- **Records drawn from a dataset**

- - - - - - -

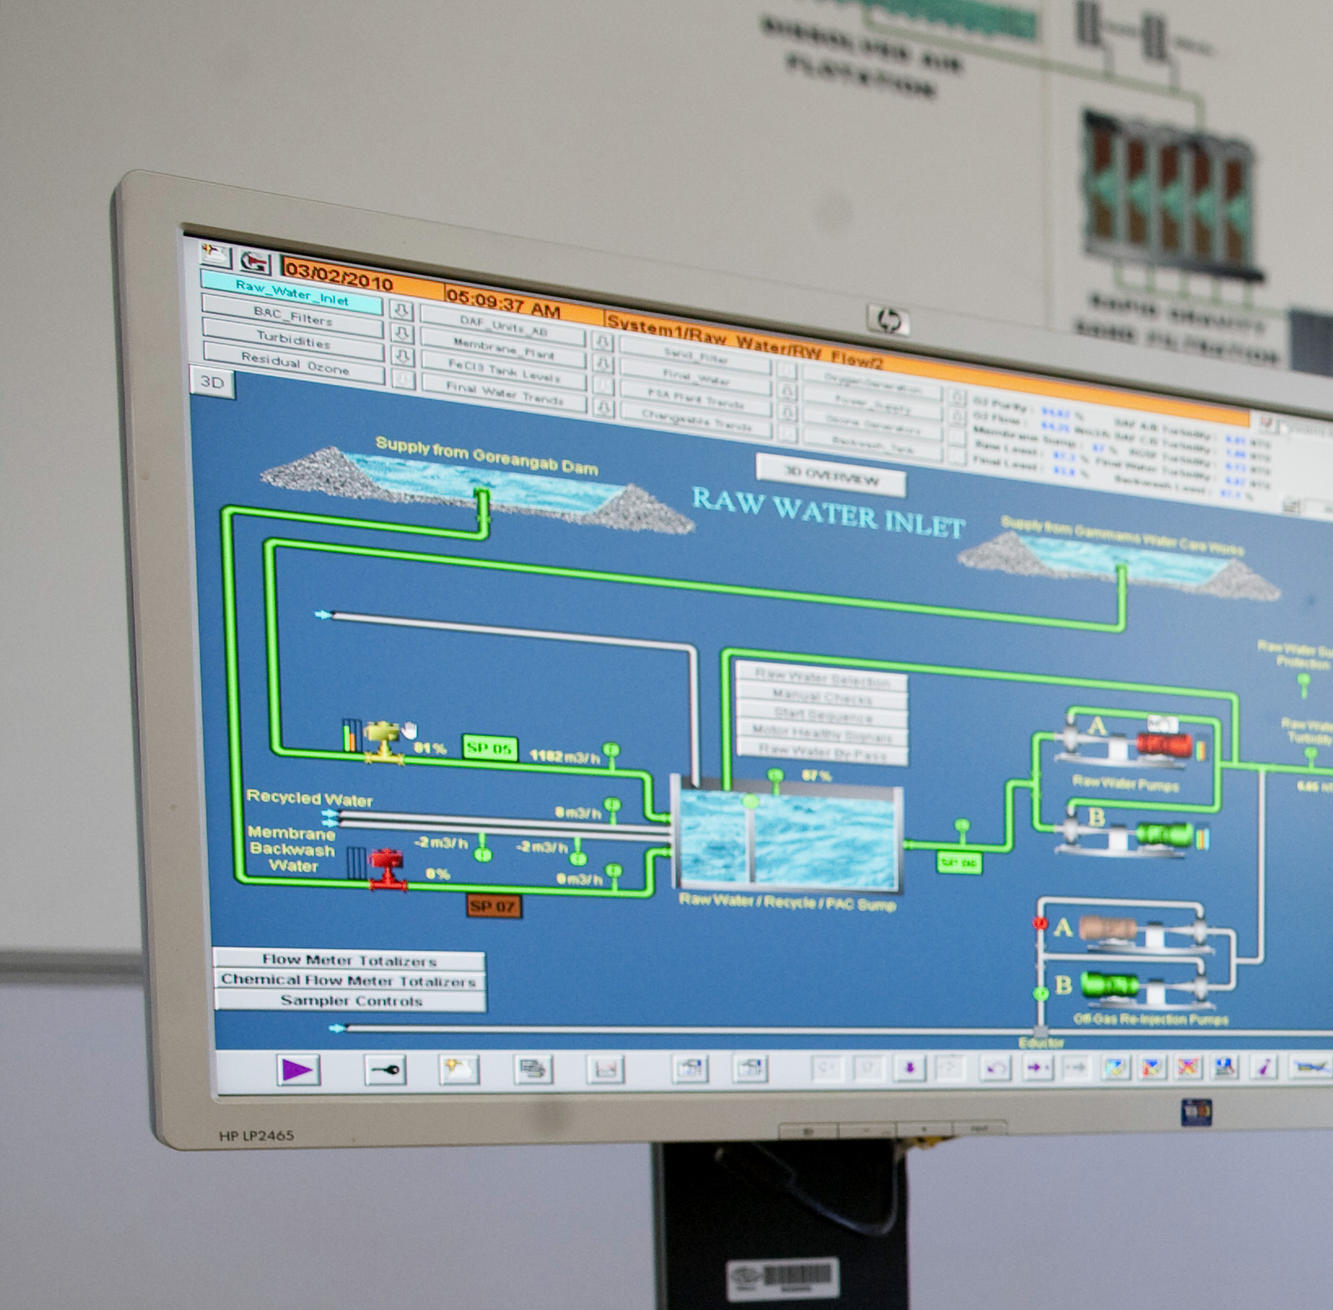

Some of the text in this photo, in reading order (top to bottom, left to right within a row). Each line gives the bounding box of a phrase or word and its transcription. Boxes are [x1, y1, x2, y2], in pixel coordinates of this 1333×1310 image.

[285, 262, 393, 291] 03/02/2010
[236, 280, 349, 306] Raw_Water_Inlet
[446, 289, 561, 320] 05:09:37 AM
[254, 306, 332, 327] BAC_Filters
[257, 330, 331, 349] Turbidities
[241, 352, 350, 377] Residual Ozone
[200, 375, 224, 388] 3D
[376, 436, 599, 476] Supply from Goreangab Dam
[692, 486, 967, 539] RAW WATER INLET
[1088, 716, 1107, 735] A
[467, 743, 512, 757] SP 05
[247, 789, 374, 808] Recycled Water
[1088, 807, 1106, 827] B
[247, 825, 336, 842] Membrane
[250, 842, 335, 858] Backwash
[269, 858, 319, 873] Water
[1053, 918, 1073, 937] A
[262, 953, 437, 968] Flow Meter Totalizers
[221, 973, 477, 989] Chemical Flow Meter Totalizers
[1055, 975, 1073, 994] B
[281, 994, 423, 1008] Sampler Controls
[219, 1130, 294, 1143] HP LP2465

- - - - - - -

Set down the entries again without change. Leave the pictures out.

- **Completed exercise**
Some of the text in this photo, in reading order (top to bottom, left to right within a row). Each line gives the bounding box of a phrase or word and its transcription. Boxes are [x1, y1, x2, y2], in pixel coordinates of this 1333×1310 image.

[285, 262, 393, 291] 03/02/2010
[236, 280, 349, 306] Raw_Water_Inlet
[446, 289, 561, 320] 05:09:37 AM
[254, 306, 332, 327] BAC_Filters
[257, 330, 331, 349] Turbidities
[241, 352, 350, 377] Residual Ozone
[200, 375, 224, 388] 3D
[376, 436, 599, 476] Supply from Goreangab Dam
[692, 486, 967, 539] RAW WATER INLET
[1088, 716, 1107, 735] A
[467, 743, 512, 757] SP 05
[247, 789, 374, 808] Recycled Water
[1088, 807, 1106, 827] B
[247, 825, 336, 842] Membrane
[250, 842, 335, 858] Backwash
[269, 858, 319, 873] Water
[1053, 918, 1073, 937] A
[262, 953, 437, 968] Flow Meter Totalizers
[221, 973, 477, 989] Chemical Flow Meter Totalizers
[1055, 975, 1073, 994] B
[281, 994, 423, 1008] Sampler Controls
[219, 1130, 294, 1143] HP LP2465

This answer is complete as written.